Could you please reproduce all the records below exactly, leaving out the images?
** Opening INFORMATION PROVIDED block **
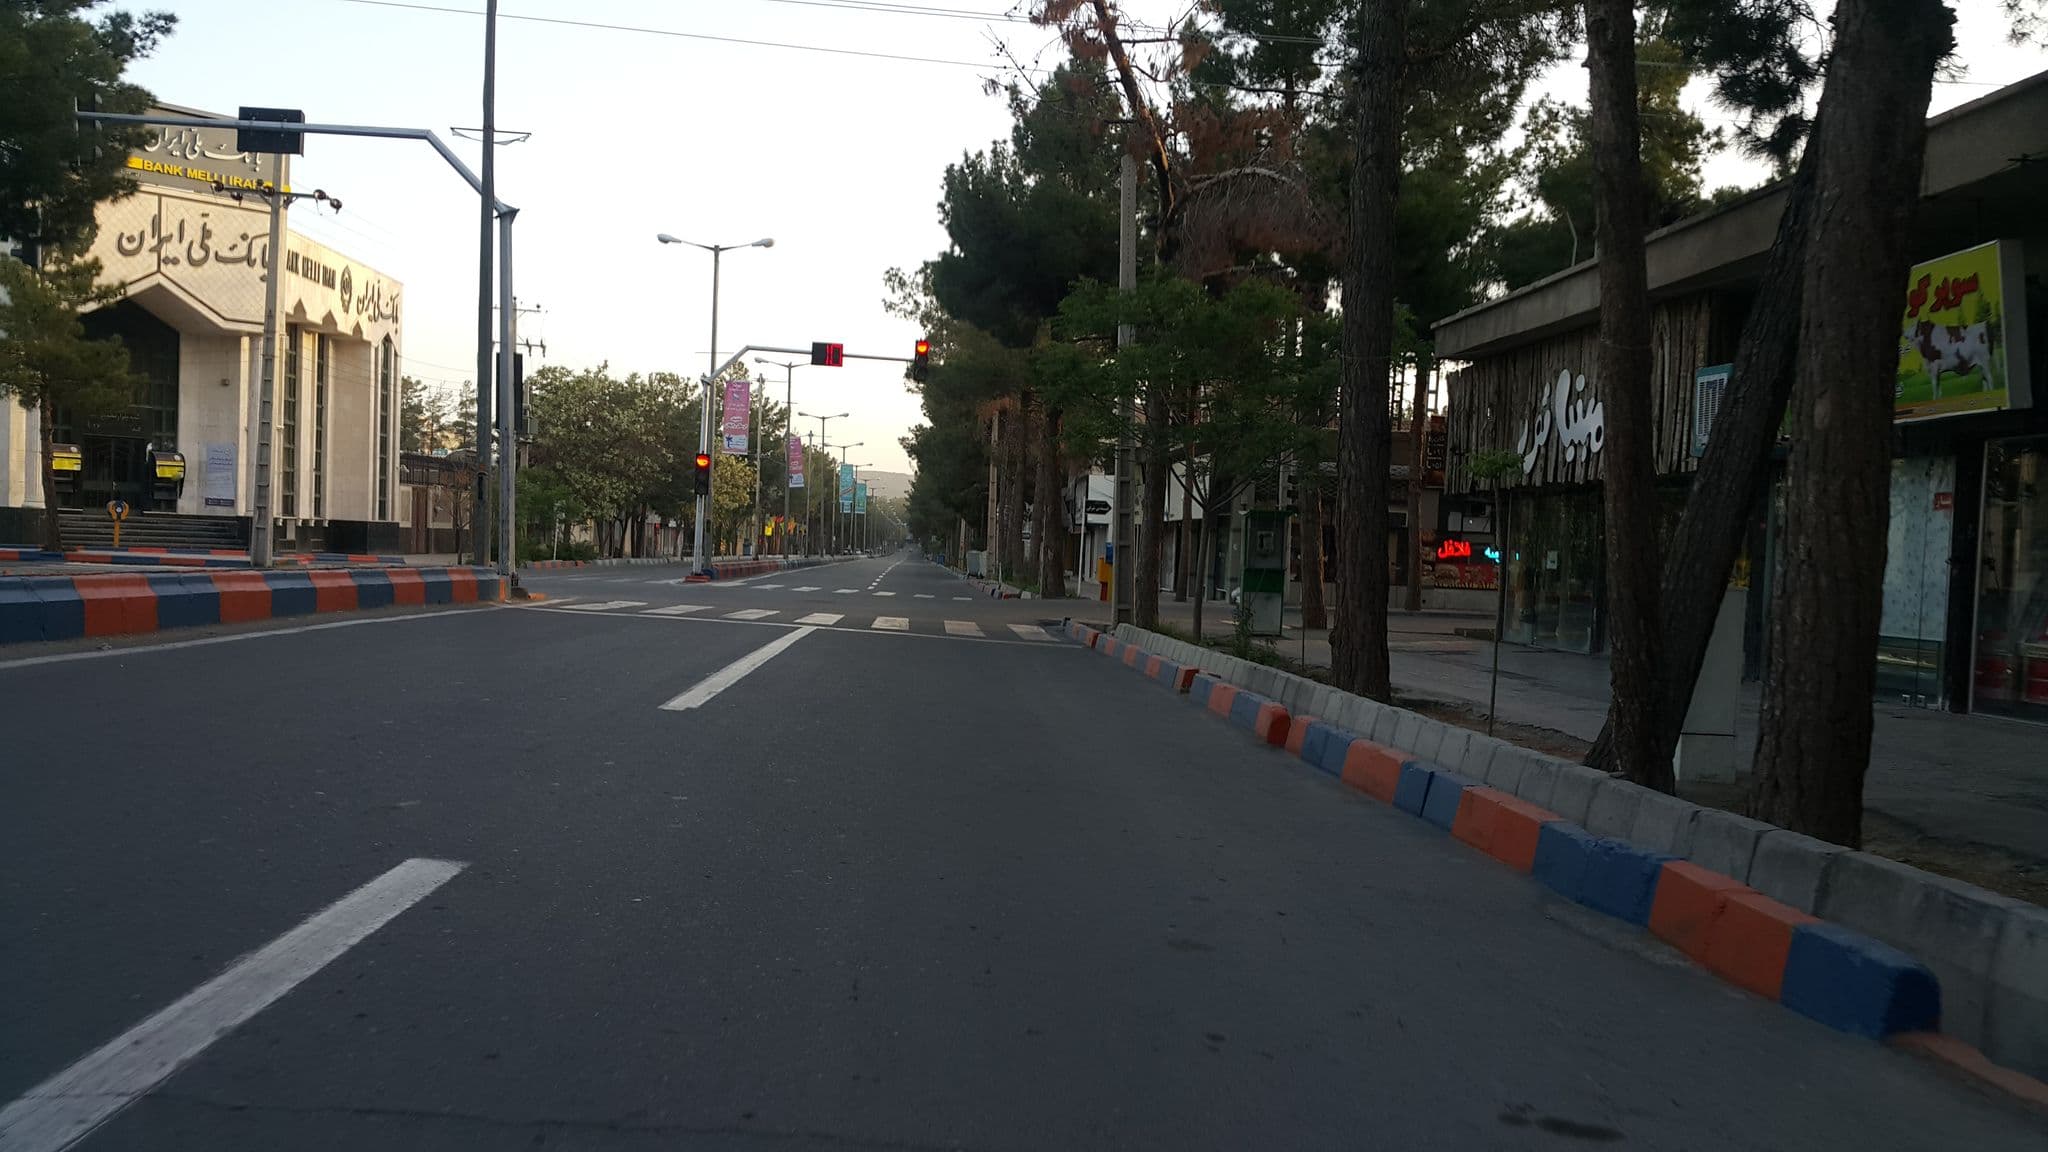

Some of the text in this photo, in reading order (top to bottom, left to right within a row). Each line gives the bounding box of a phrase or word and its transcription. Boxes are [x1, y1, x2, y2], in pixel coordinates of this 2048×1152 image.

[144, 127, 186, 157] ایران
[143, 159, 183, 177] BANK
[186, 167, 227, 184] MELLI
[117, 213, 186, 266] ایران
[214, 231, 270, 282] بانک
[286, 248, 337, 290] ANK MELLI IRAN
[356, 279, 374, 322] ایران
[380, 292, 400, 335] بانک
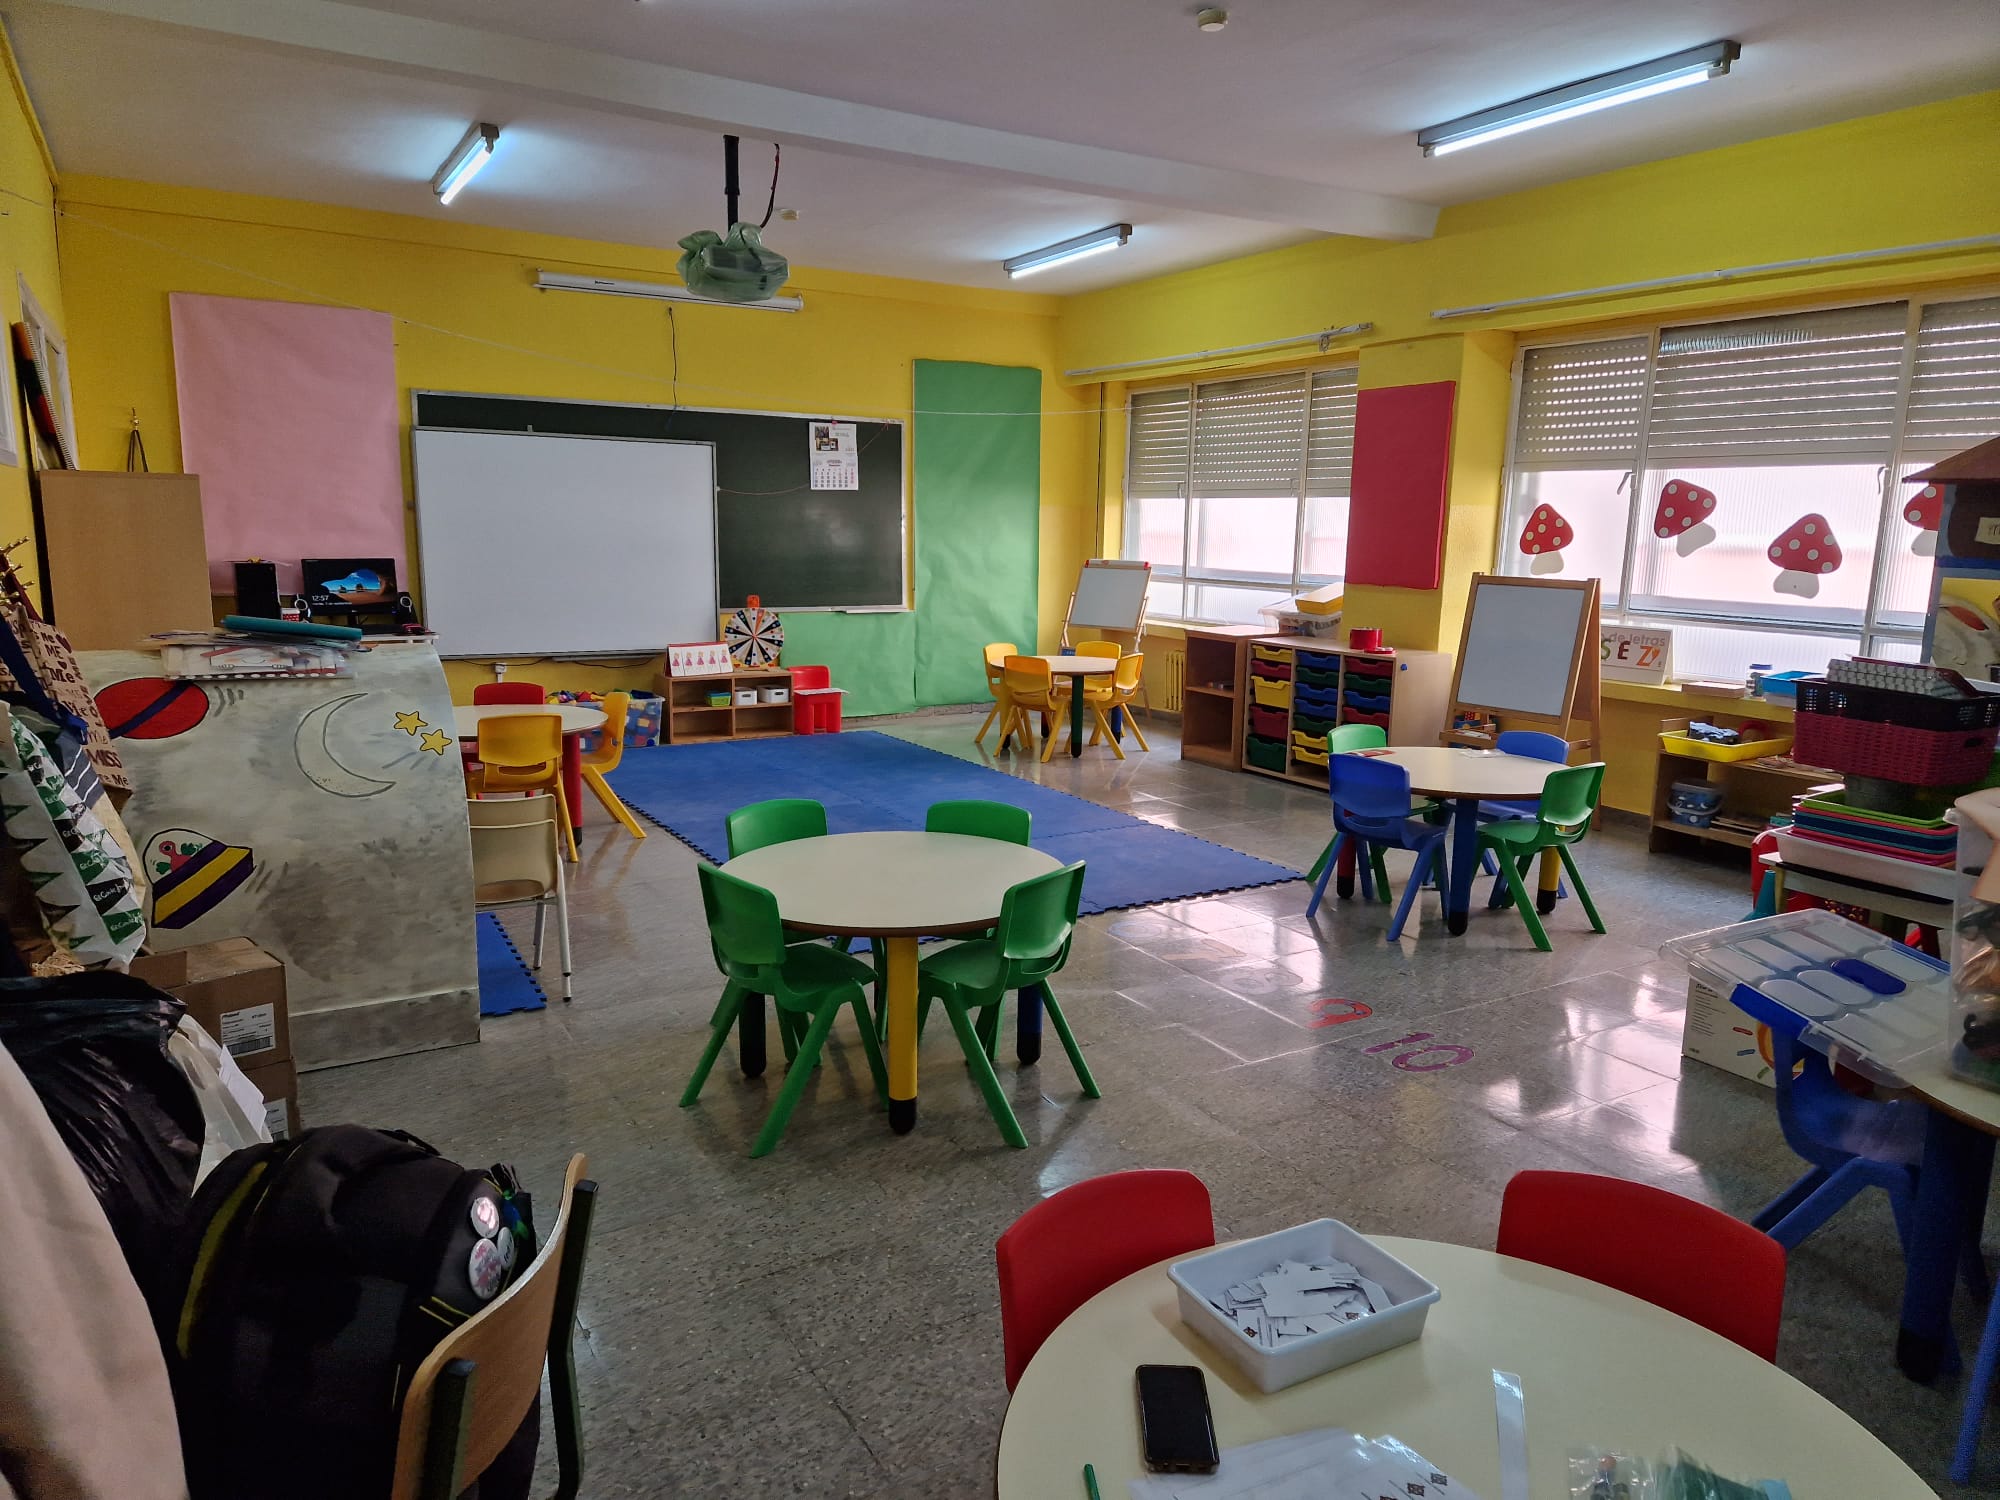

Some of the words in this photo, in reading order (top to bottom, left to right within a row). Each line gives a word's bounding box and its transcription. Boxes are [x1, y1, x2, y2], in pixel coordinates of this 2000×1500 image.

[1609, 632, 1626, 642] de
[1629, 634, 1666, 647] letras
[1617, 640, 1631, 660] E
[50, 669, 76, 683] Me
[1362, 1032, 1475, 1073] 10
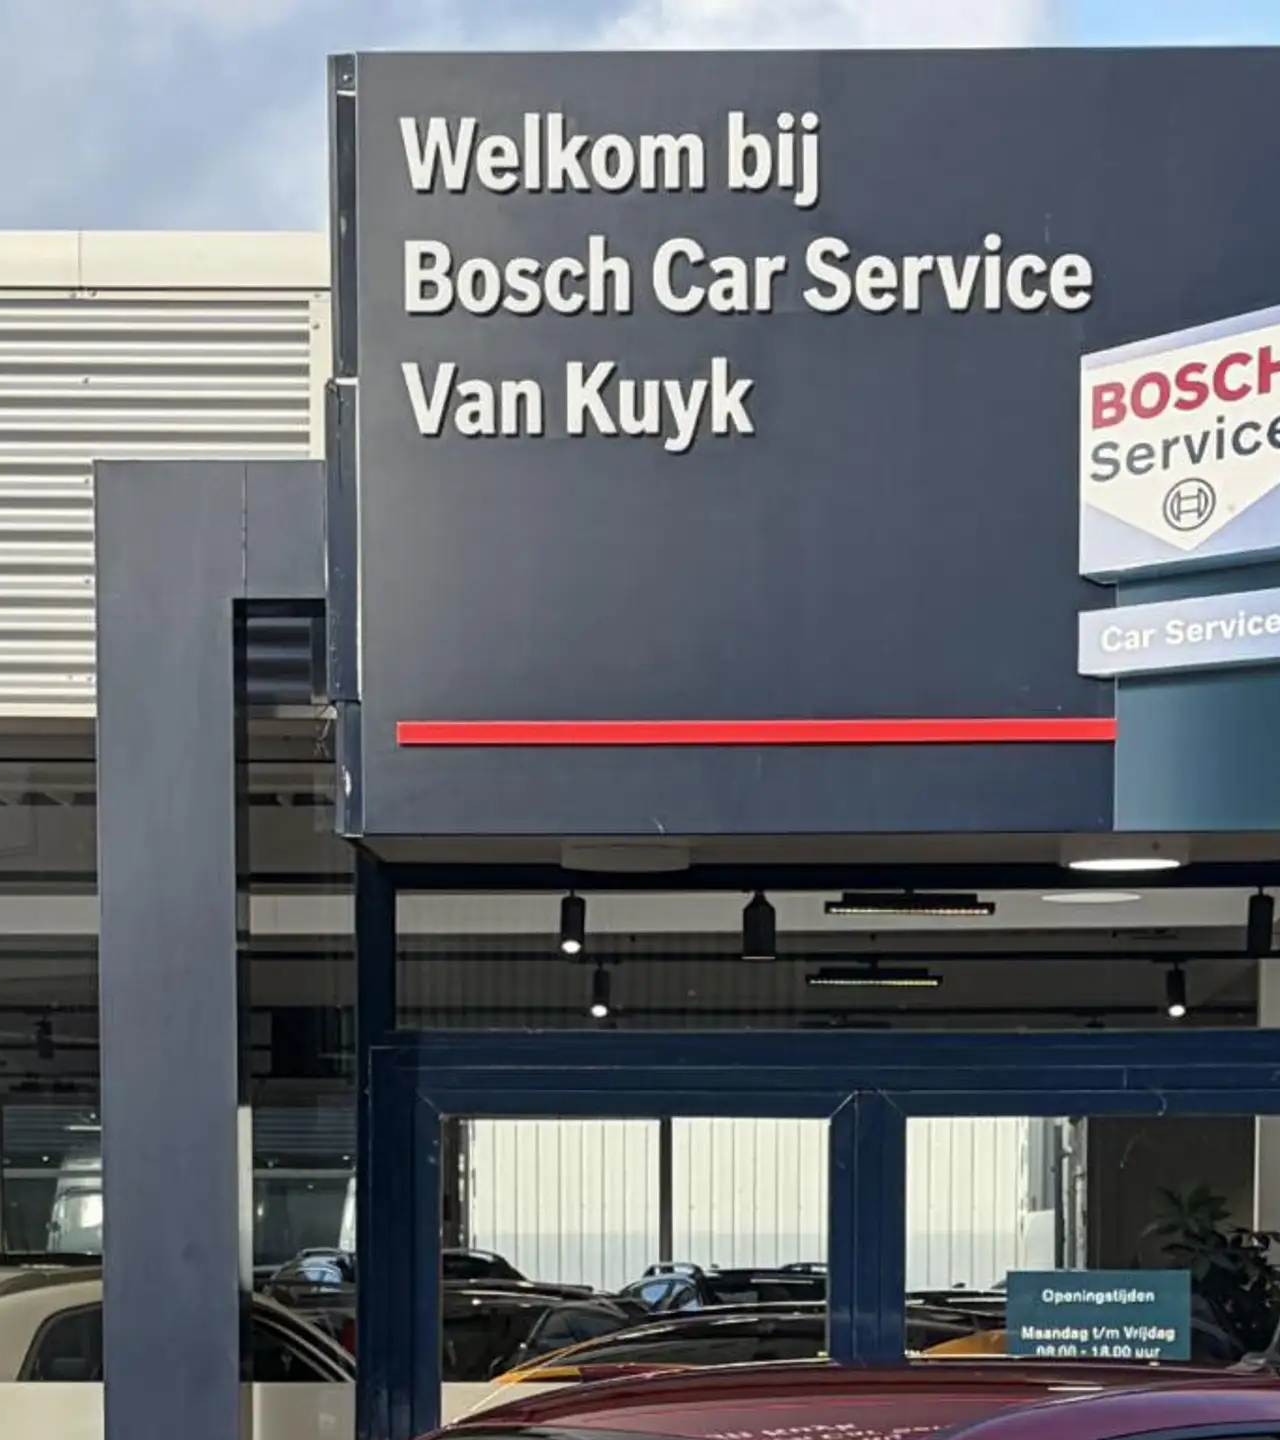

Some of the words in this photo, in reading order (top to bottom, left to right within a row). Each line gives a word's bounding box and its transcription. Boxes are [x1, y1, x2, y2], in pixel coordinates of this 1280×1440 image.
** Closing INFORMATION PROVIDED block **
- _YOUR RESPONSE_
Some of the text in this photo, in reading order (top to bottom, left to right within a row). Each line gives the bounding box of a phrase or word and its transcription. Boxes are [x1, y1, x2, y2], in pixel coordinates of this 2048×1152 image.

[144, 127, 186, 157] ایران
[143, 159, 183, 177] BANK
[186, 167, 227, 184] MELLI
[117, 213, 186, 266] ایران
[214, 231, 270, 282] بانک
[286, 248, 337, 290] ANK MELLI IRAN
[356, 279, 374, 322] ایران
[380, 292, 400, 335] بانک

Some of the words in this photo, in reading order (top to bottom, left to right within a row). Each line gives a word's bounding box and its transcription. Boxes are [x1, y1, x2, y2], in pixel coordinates of this 2000×1500 image.

[1609, 632, 1626, 642] de
[1629, 634, 1666, 647] letras
[1617, 640, 1631, 660] E
[50, 669, 76, 683] Me
[1362, 1032, 1475, 1073] 10

Some of the words in this photo, in reading order (top to bottom, left to right within a row). Each line gives a word's bounding box and its transcription. Boxes are [x1, y1, x2, y2], in pixel coordinates of this 1280×1440 image.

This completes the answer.